Spatial localization data:
<<<<

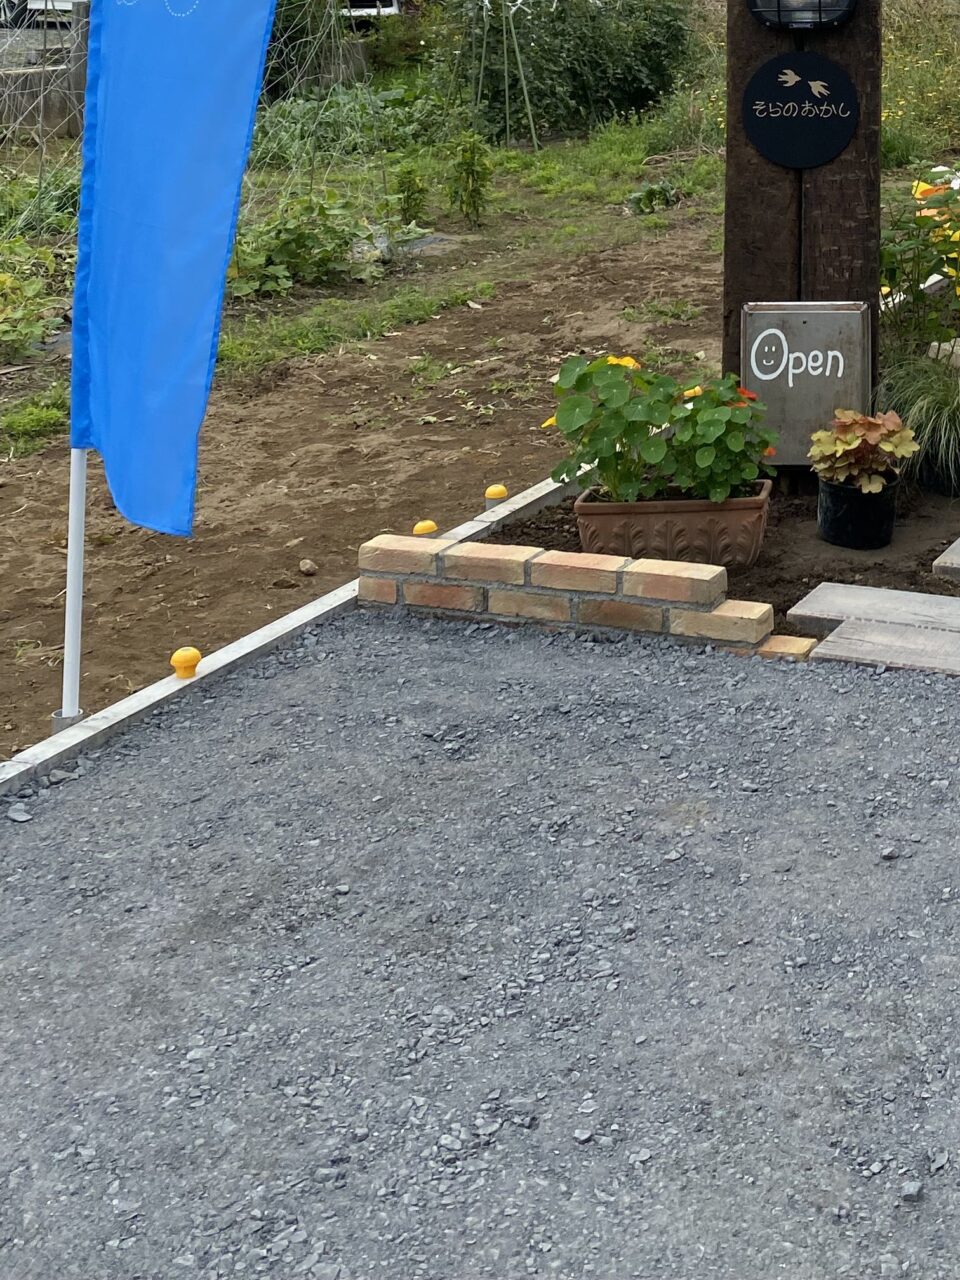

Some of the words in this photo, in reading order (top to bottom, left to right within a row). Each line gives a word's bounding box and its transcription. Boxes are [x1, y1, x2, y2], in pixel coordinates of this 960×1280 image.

[752, 100, 851, 118] そらのおかし
[750, 328, 845, 388] Open
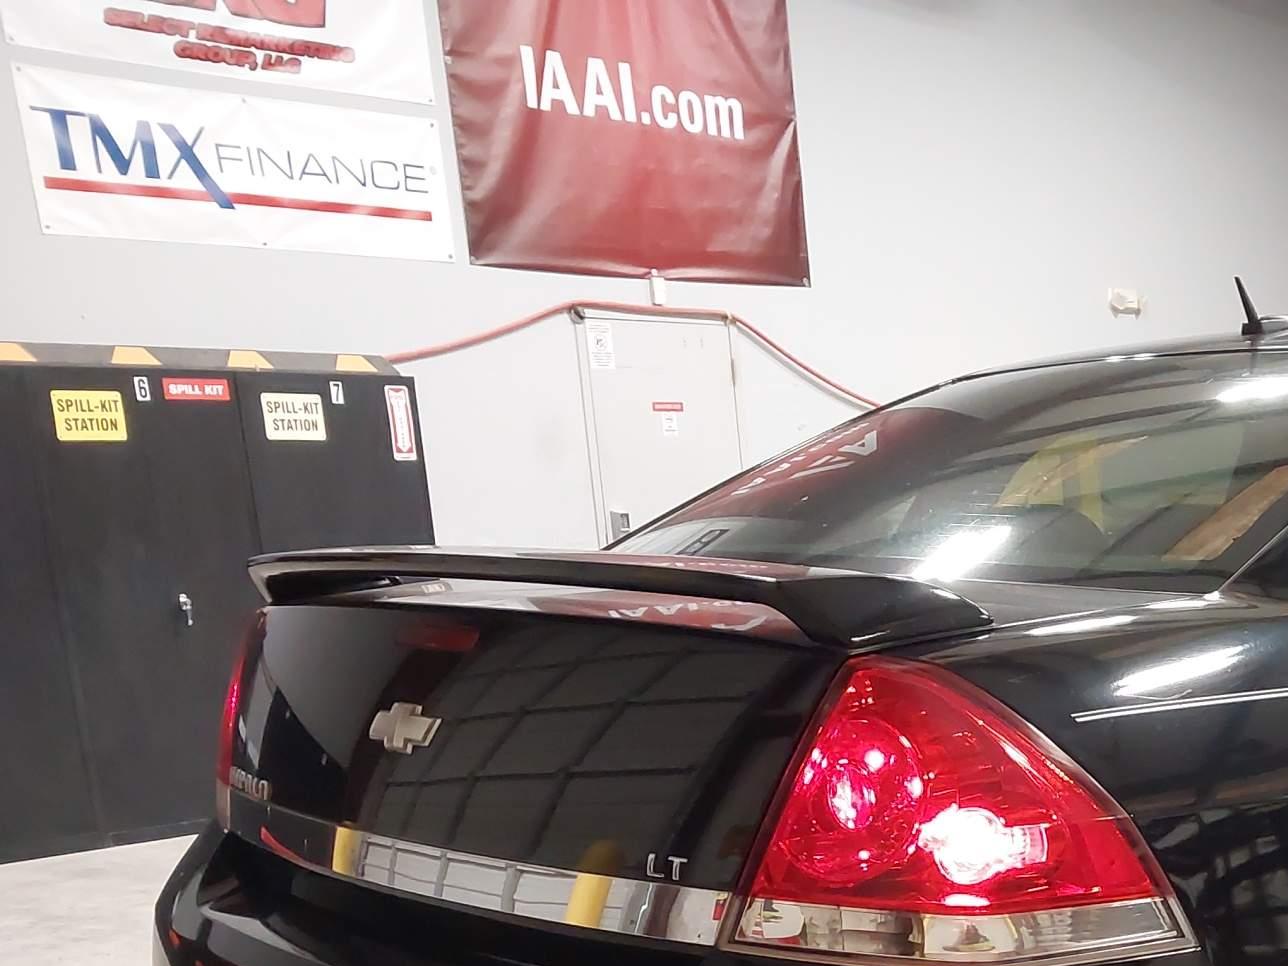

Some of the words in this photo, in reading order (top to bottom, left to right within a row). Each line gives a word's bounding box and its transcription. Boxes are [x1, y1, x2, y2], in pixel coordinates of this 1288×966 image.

[519, 45, 745, 140] IAAI.com
[29, 105, 235, 210] TMX
[215, 143, 430, 194] FINANCE
[138, 378, 148, 399] 6
[168, 383, 203, 396] SPILL
[204, 384, 224, 396] KIT
[332, 383, 341, 402] 7
[57, 399, 119, 412] SPILL-KIT
[266, 401, 319, 415] SPILL-KIT
[65, 418, 118, 431] STATION
[273, 418, 318, 432] STATION
[646, 853, 688, 880] LT

>>>>

All of the entries must be reproduced exactly, apart from the pictures, which are to be dropped.

#### [Problem solution]
Some of the words in this photo, in reading order (top to bottom, left to right within a row). Each line gives a word's bounding box and its transcription. Boxes are [x1, y1, x2, y2], in pixel coordinates of this 960×1280 image.

[752, 100, 851, 118] そらのおかし
[750, 328, 845, 388] Open

Some of the words in this photo, in reading order (top to bottom, left to right within a row). Each line gives a word's bounding box and its transcription. Boxes are [x1, y1, x2, y2], in pixel coordinates of this 1288×966 image.

[519, 45, 745, 140] IAAI.com
[29, 105, 235, 210] TMX
[215, 143, 430, 194] FINANCE
[138, 378, 148, 399] 6
[168, 383, 203, 396] SPILL
[204, 384, 224, 396] KIT
[332, 383, 341, 402] 7
[57, 399, 119, 412] SPILL-KIT
[266, 401, 319, 415] SPILL-KIT
[65, 418, 118, 431] STATION
[273, 418, 318, 432] STATION
[646, 853, 688, 880] LT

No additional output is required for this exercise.